━━ Task data

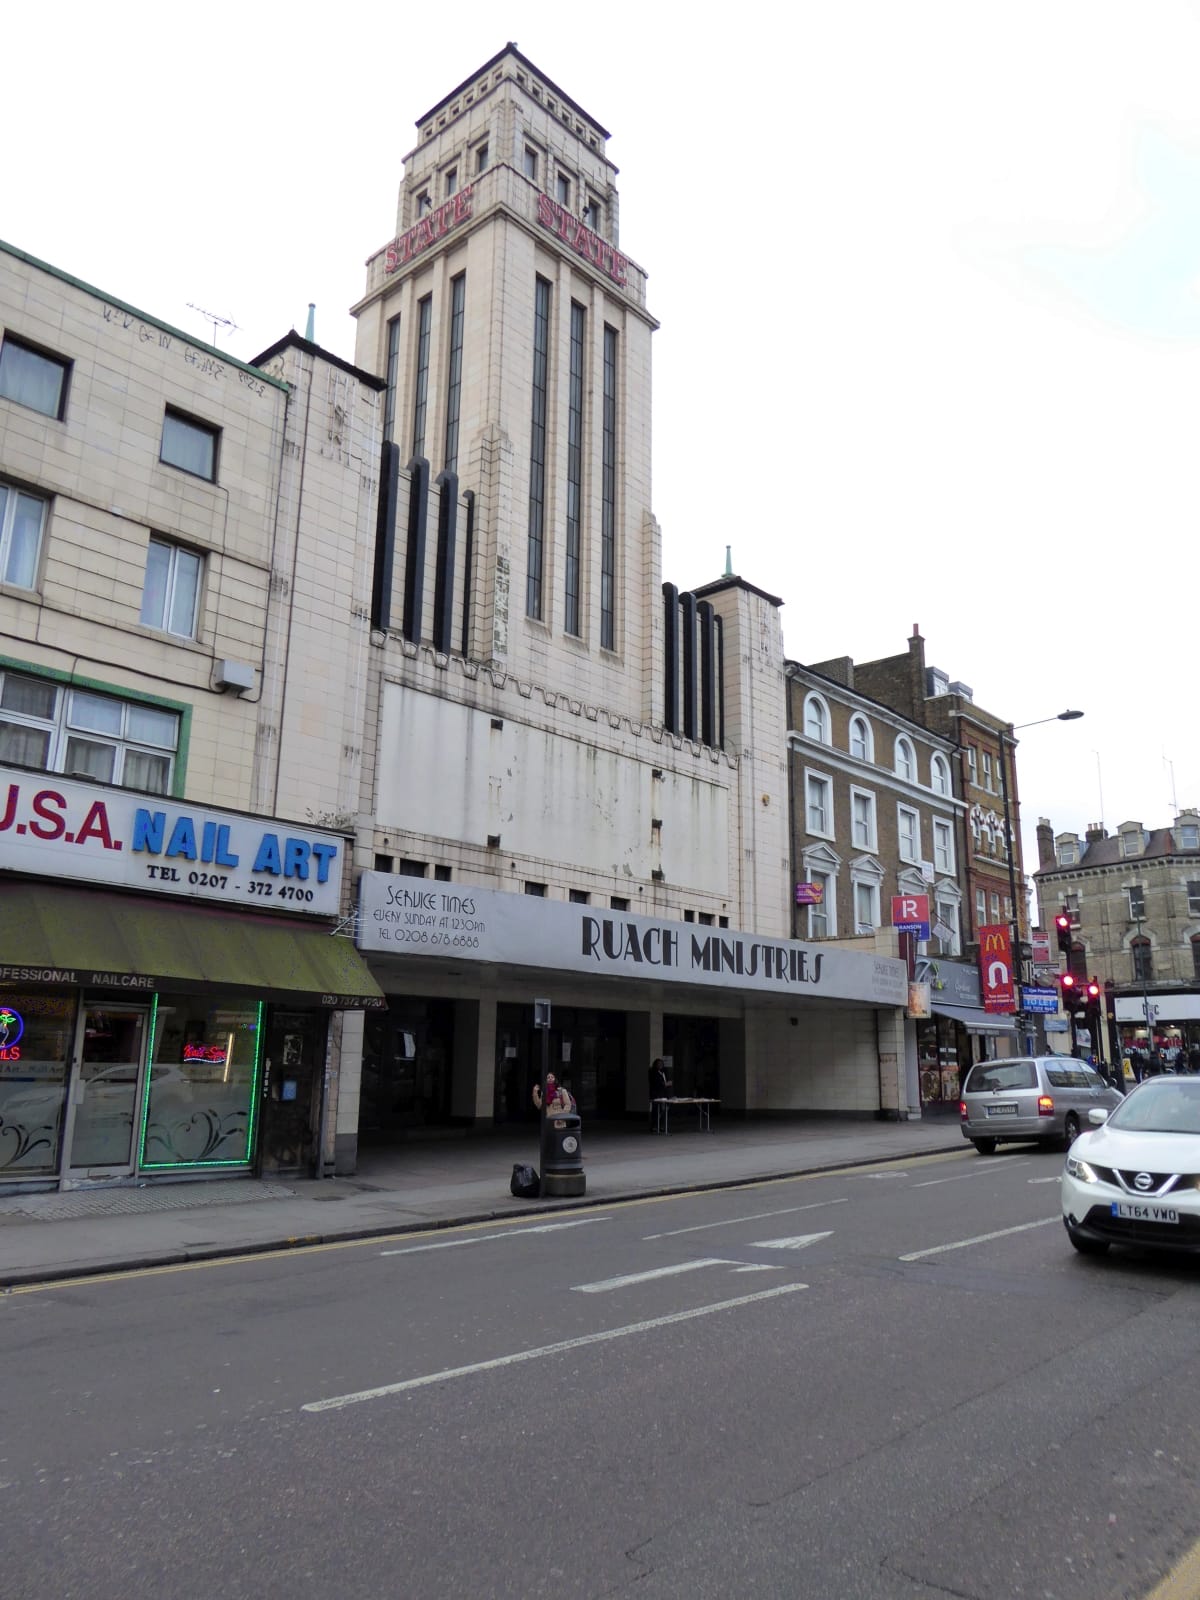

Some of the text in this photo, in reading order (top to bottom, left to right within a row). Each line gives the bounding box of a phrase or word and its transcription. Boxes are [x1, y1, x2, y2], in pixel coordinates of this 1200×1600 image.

[384, 184, 474, 273] STATE
[538, 192, 628, 288] STATE
[132, 808, 239, 868] NAIL
[252, 833, 337, 883] ART
[147, 864, 180, 882] TEL
[188, 871, 228, 890] 0207
[248, 881, 273, 897] 372
[279, 886, 314, 902] 4700
[386, 885, 476, 915] SERVICE TIMES
[902, 899, 919, 918] R
[373, 909, 401, 922] EVERY
[404, 912, 437, 926] SUNDAY
[439, 917, 449, 928] AT
[378, 928, 479, 948] TEL 0208 678 6888
[582, 915, 824, 984] RUACH MINISTRIES
[92, 973, 155, 988] NAILCARE
[1039, 999, 1054, 1007] LET
[1119, 1204, 1149, 1218] LT64

━━━━

Every last line above must be reproduced as written, and no pictures belong in the copy.

Task output =
Some of the text in this photo, in reading order (top to bottom, left to right within a row). Each line gives the bounding box of a phrase or word and its transcription. Boxes are [x1, y1, x2, y2], in pixel coordinates of this 1200×1600 image.

[384, 184, 474, 273] STATE
[538, 192, 628, 288] STATE
[132, 808, 239, 868] NAIL
[252, 833, 337, 883] ART
[147, 864, 180, 882] TEL
[188, 871, 228, 890] 0207
[248, 881, 273, 897] 372
[279, 886, 314, 902] 4700
[386, 885, 476, 915] SERVICE TIMES
[902, 899, 919, 918] R
[373, 909, 401, 922] EVERY
[404, 912, 437, 926] SUNDAY
[439, 917, 449, 928] AT
[378, 928, 479, 948] TEL 0208 678 6888
[582, 915, 824, 984] RUACH MINISTRIES
[92, 973, 155, 988] NAILCARE
[1039, 999, 1054, 1007] LET
[1119, 1204, 1149, 1218] LT64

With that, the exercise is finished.